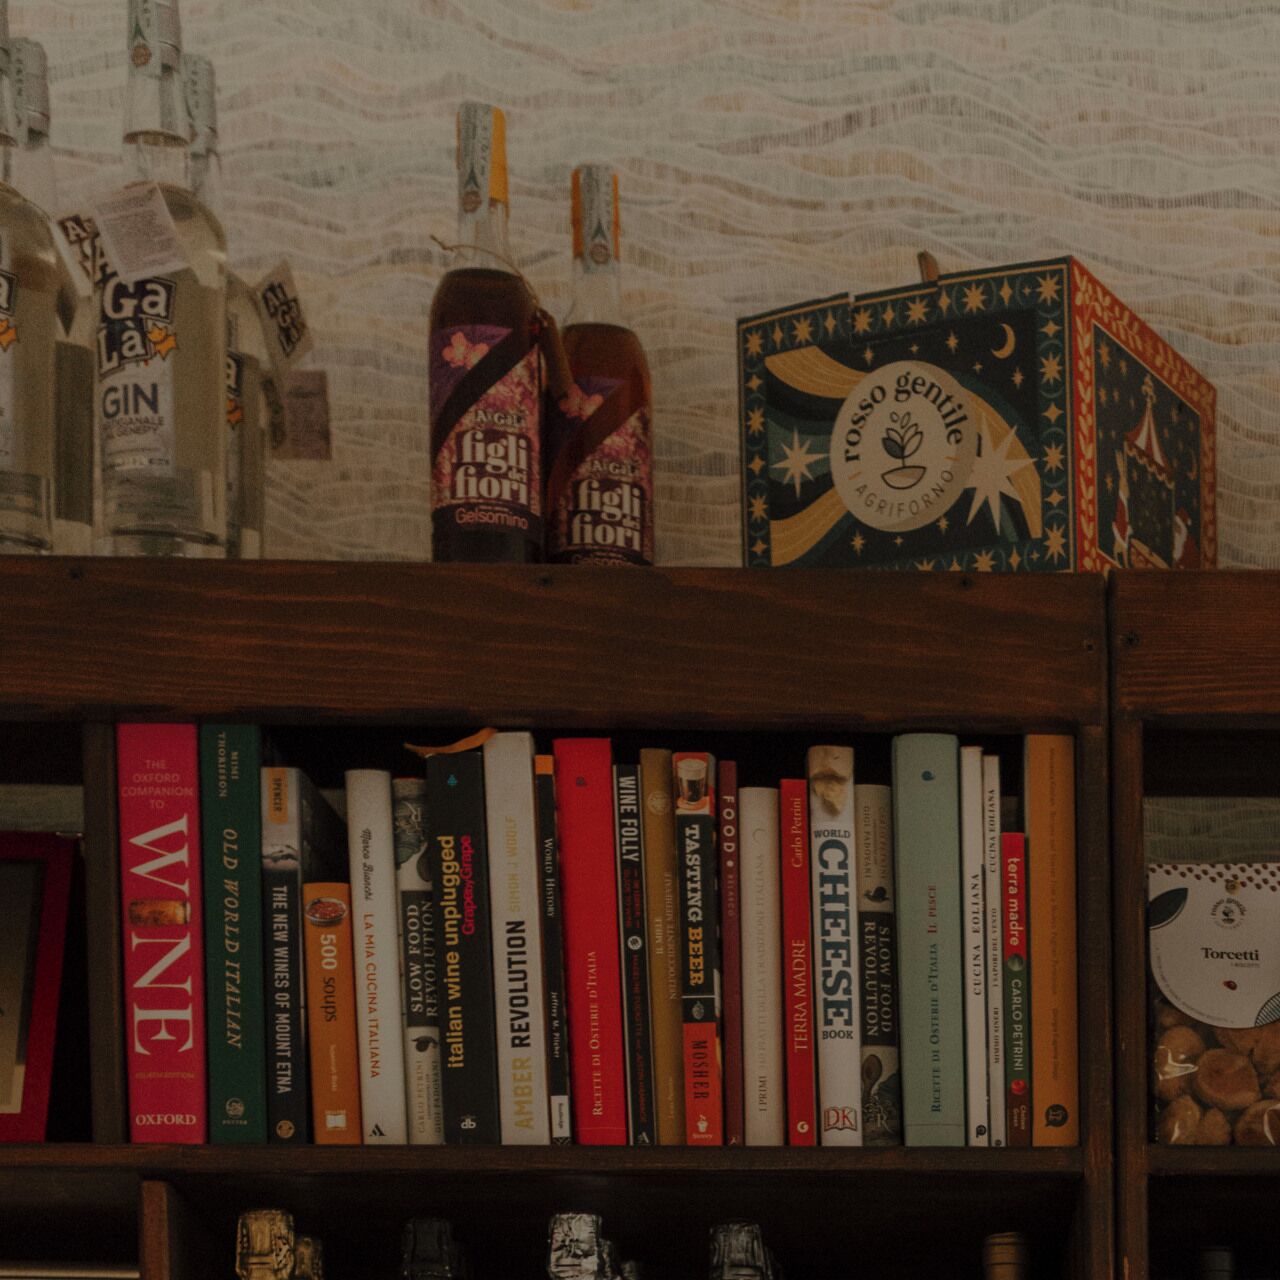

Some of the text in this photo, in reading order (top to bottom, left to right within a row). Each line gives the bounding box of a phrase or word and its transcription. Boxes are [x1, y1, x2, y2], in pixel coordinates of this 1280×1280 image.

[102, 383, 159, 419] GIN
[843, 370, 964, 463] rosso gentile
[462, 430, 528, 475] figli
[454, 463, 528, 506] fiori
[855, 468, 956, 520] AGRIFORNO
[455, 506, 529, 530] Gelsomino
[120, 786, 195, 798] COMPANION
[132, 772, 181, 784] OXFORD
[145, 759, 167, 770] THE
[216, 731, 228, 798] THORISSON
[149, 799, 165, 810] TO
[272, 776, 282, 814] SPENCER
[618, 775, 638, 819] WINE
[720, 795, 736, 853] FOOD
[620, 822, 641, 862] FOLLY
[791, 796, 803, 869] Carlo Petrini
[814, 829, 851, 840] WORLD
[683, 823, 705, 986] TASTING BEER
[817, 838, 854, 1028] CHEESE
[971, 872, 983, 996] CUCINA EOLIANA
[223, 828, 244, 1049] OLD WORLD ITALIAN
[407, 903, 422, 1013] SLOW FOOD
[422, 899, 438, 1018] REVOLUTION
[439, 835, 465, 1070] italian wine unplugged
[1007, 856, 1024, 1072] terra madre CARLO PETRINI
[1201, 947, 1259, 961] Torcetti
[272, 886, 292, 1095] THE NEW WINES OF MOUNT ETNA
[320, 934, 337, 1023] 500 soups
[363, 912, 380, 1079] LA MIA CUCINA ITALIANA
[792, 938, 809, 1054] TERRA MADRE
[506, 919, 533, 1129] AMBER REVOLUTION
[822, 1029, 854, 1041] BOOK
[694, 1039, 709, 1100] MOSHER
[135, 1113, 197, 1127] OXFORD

☆ ☆ ☆ ☆ ☆

__WHAT IS NEEDED__. Minus its pictures, the full listing should be copied verbatim.

__EXPECTED ANSWER__.
Some of the text in this photo, in reading order (top to bottom, left to right within a row). Each line gives the bounding box of a phrase or word and its transcription. Boxes are [x1, y1, x2, y2], in pixel coordinates of this 1280×1280 image.

[102, 383, 159, 419] GIN
[843, 370, 964, 463] rosso gentile
[462, 430, 528, 475] figli
[454, 463, 528, 506] fiori
[855, 468, 956, 520] AGRIFORNO
[455, 506, 529, 530] Gelsomino
[120, 786, 195, 798] COMPANION
[132, 772, 181, 784] OXFORD
[145, 759, 167, 770] THE
[216, 731, 228, 798] THORISSON
[149, 799, 165, 810] TO
[272, 776, 282, 814] SPENCER
[618, 775, 638, 819] WINE
[720, 795, 736, 853] FOOD
[620, 822, 641, 862] FOLLY
[791, 796, 803, 869] Carlo Petrini
[814, 829, 851, 840] WORLD
[683, 823, 705, 986] TASTING BEER
[817, 838, 854, 1028] CHEESE
[971, 872, 983, 996] CUCINA EOLIANA
[223, 828, 244, 1049] OLD WORLD ITALIAN
[407, 903, 422, 1013] SLOW FOOD
[422, 899, 438, 1018] REVOLUTION
[439, 835, 465, 1070] italian wine unplugged
[1007, 856, 1024, 1072] terra madre CARLO PETRINI
[1201, 947, 1259, 961] Torcetti
[272, 886, 292, 1095] THE NEW WINES OF MOUNT ETNA
[320, 934, 337, 1023] 500 soups
[363, 912, 380, 1079] LA MIA CUCINA ITALIANA
[792, 938, 809, 1054] TERRA MADRE
[506, 919, 533, 1129] AMBER REVOLUTION
[822, 1029, 854, 1041] BOOK
[694, 1039, 709, 1100] MOSHER
[135, 1113, 197, 1127] OXFORD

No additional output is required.